Prompt →
When you return the data, keep every line exactly as it is and leave out the pictures.

Text-to-region grounding data:
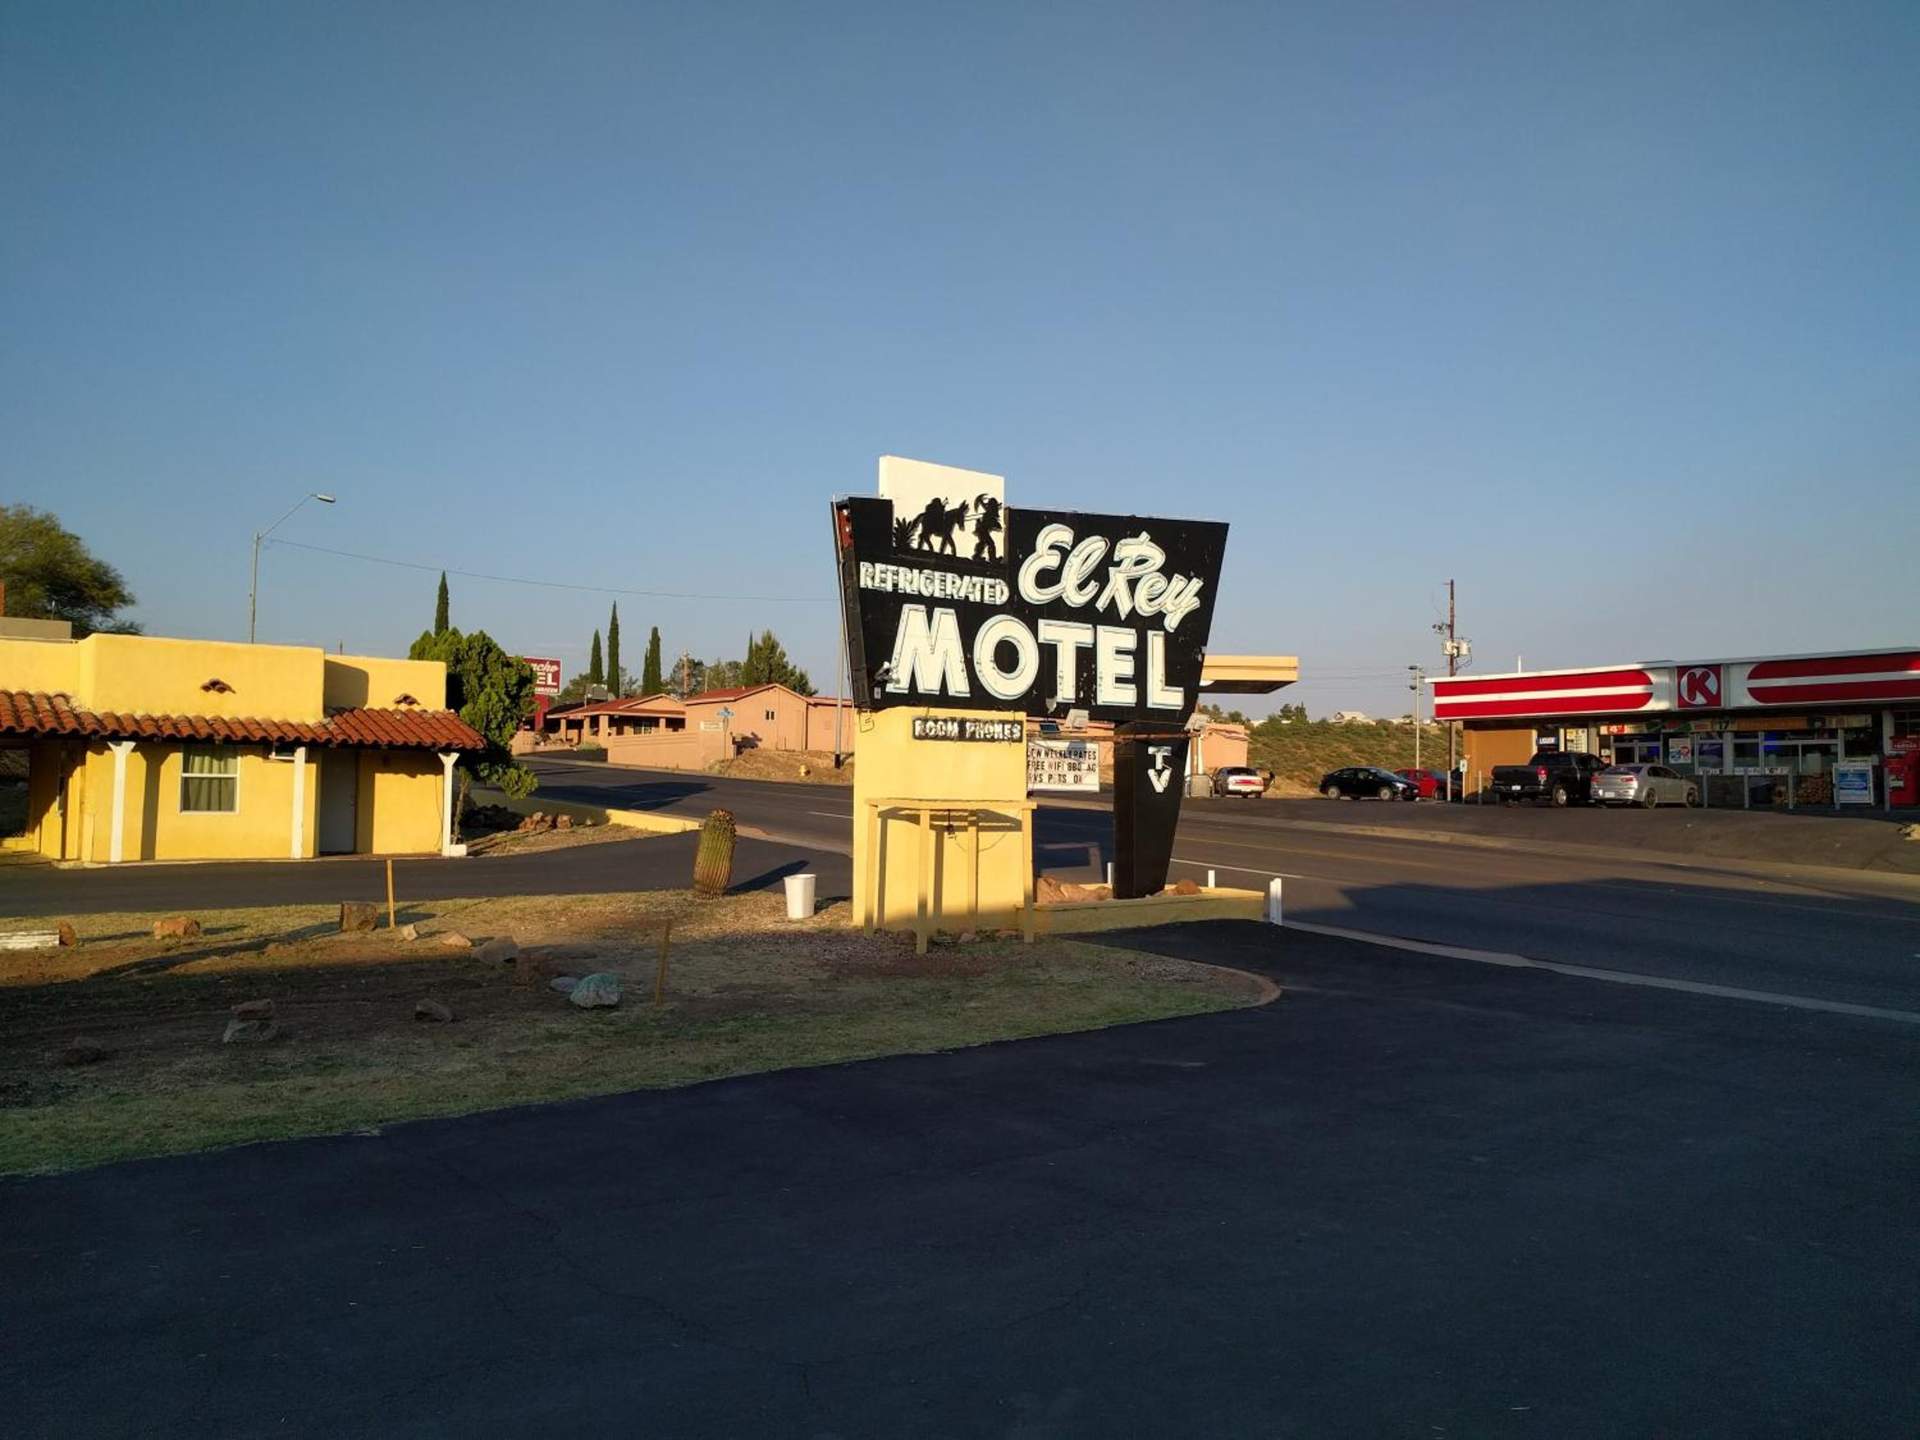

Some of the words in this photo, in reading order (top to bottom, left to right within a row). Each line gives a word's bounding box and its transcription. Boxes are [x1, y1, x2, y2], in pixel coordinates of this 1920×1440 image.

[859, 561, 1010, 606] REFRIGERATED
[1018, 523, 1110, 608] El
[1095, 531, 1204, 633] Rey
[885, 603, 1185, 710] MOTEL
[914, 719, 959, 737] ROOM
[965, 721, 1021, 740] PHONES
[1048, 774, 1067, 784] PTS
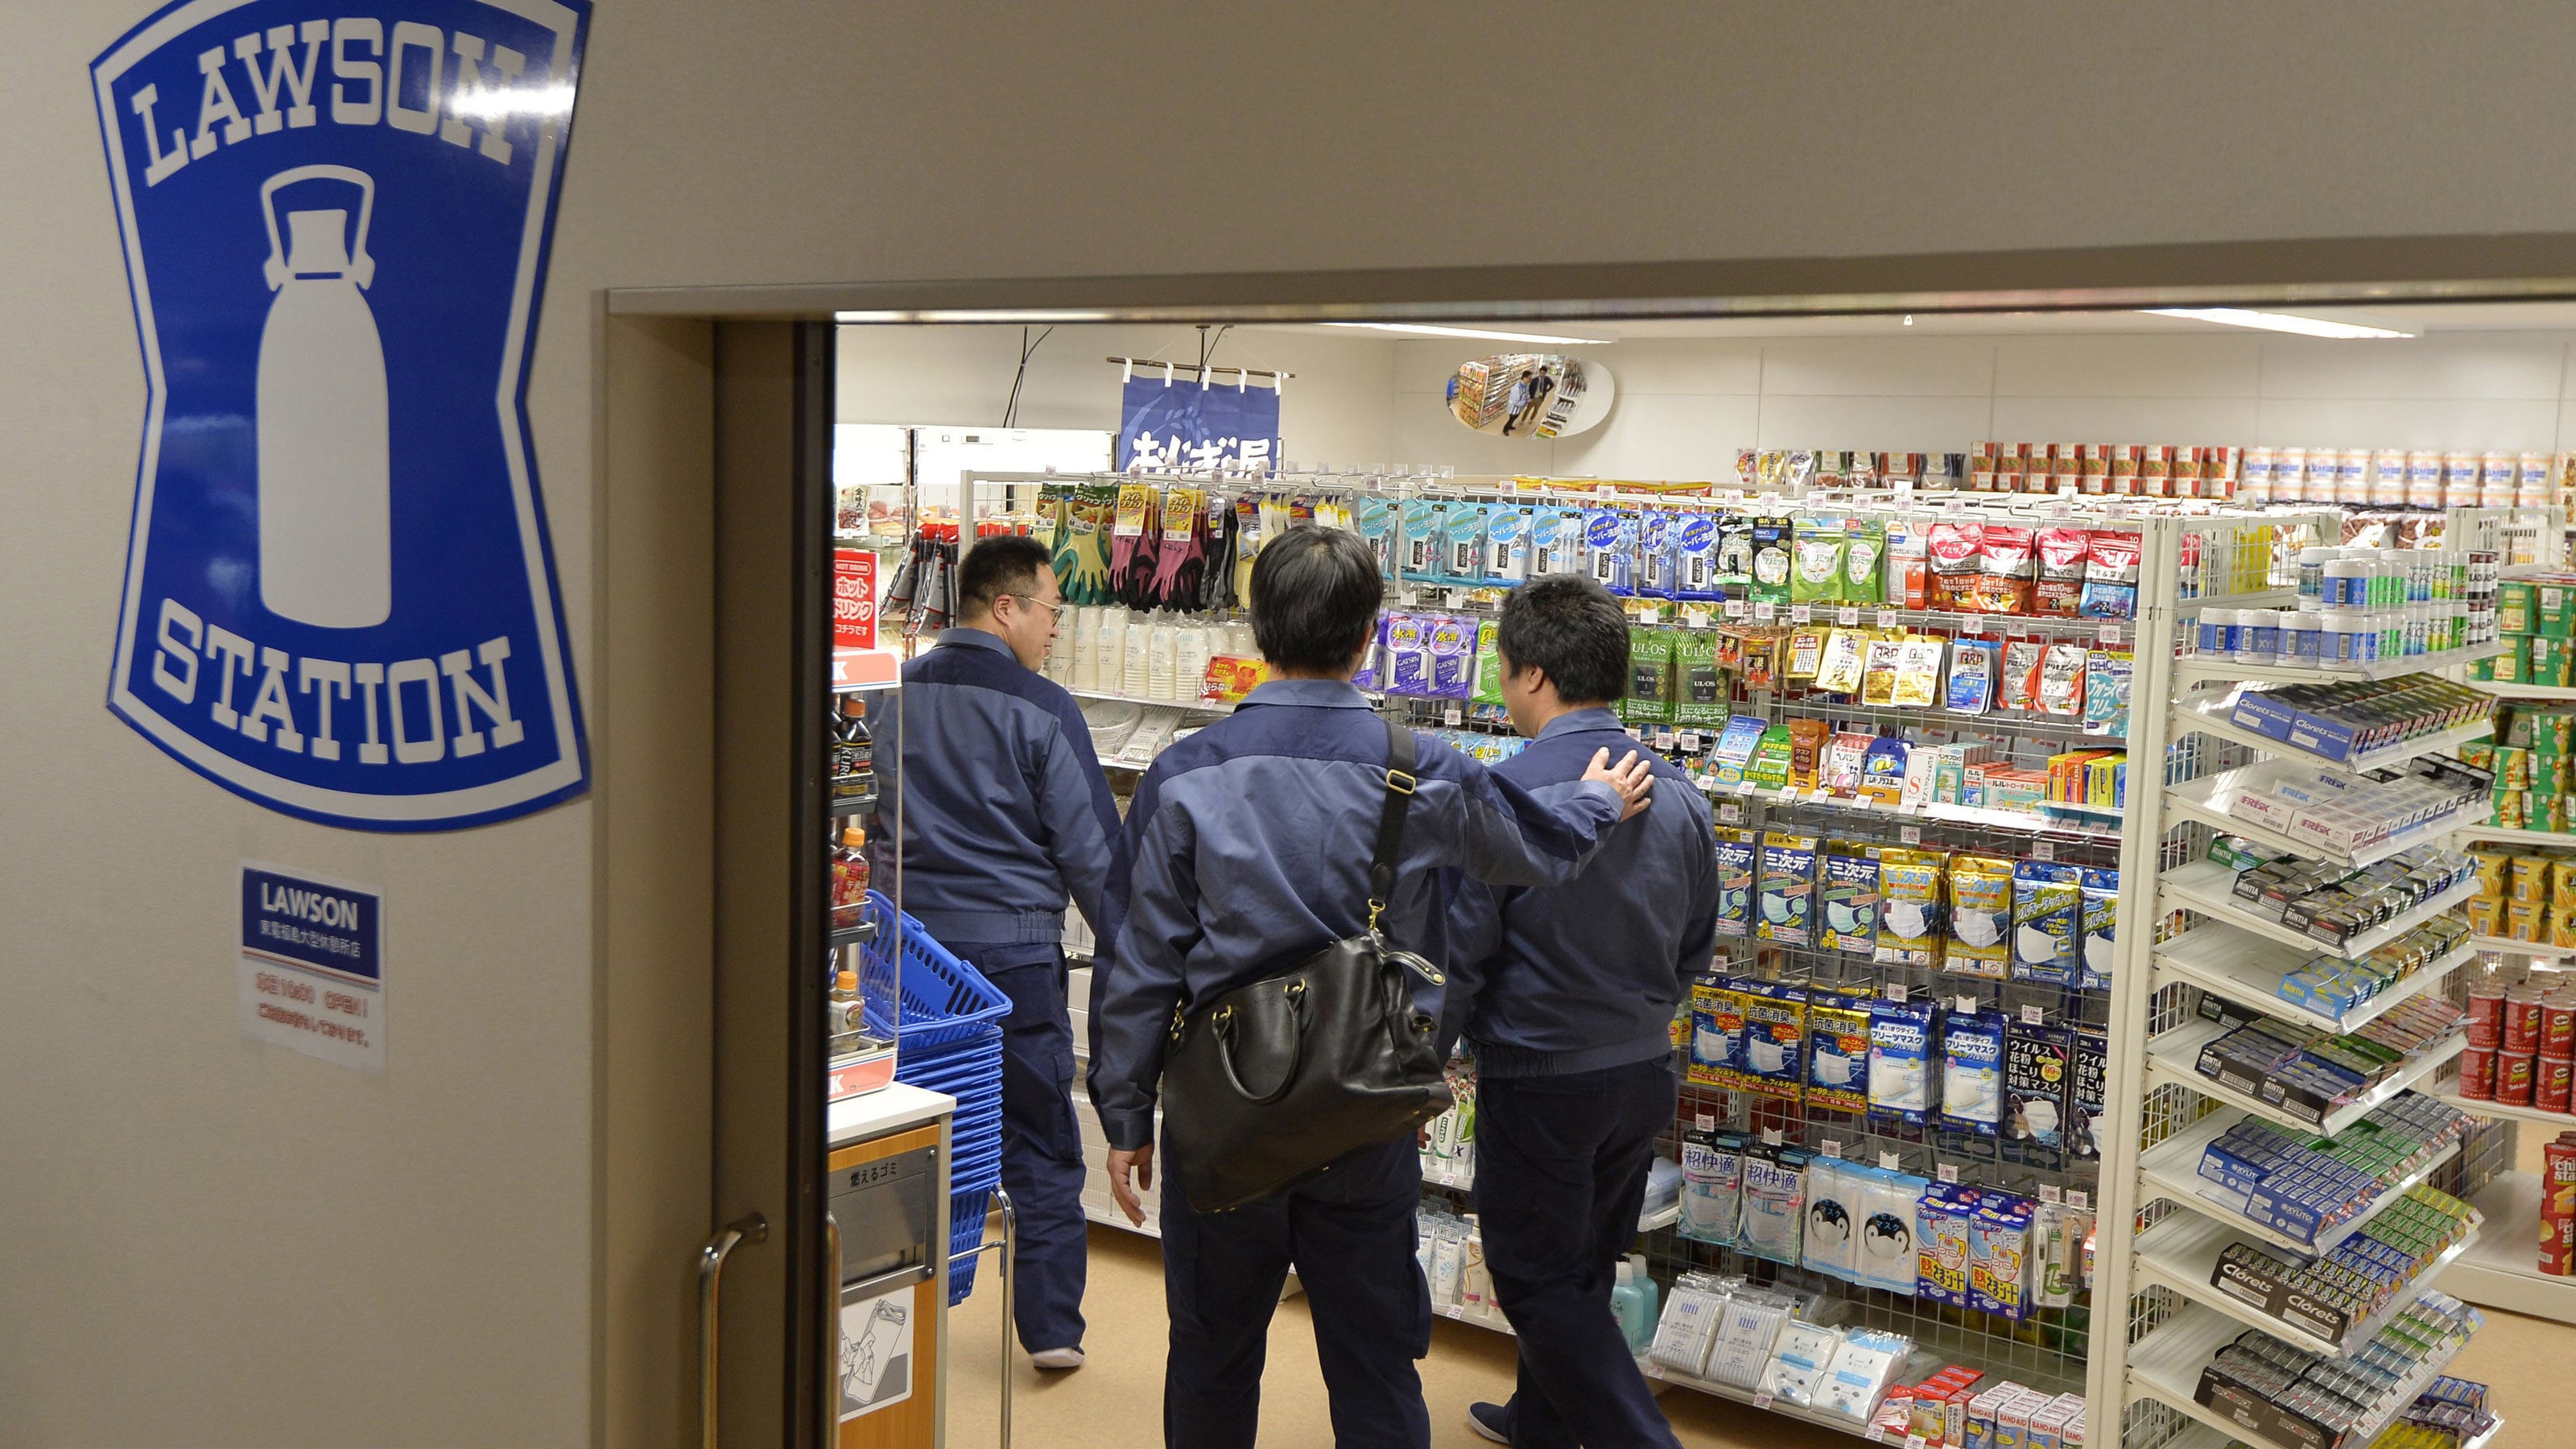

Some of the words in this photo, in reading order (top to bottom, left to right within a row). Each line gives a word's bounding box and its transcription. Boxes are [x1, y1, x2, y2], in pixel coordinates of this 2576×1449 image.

Result of the task →
Some of the words in this photo, in reading order (top to bottom, left to right within a row). Each line gives a word's bounding box and its transcription. Boxes are [x1, y1, x2, y2], in pixel coordinates of this 1920×1440 image.

[859, 561, 1010, 606] REFRIGERATED
[1018, 523, 1110, 608] El
[1095, 531, 1204, 633] Rey
[885, 603, 1185, 710] MOTEL
[914, 719, 959, 737] ROOM
[965, 721, 1021, 740] PHONES
[1048, 774, 1067, 784] PTS

Some of the words in this photo, in reading order (top to bottom, left to right within a row). Each line gives a word's bounding box and its transcription. Boxes are [x1, y1, x2, y2], in pixel coordinates of this 2576×1449 image.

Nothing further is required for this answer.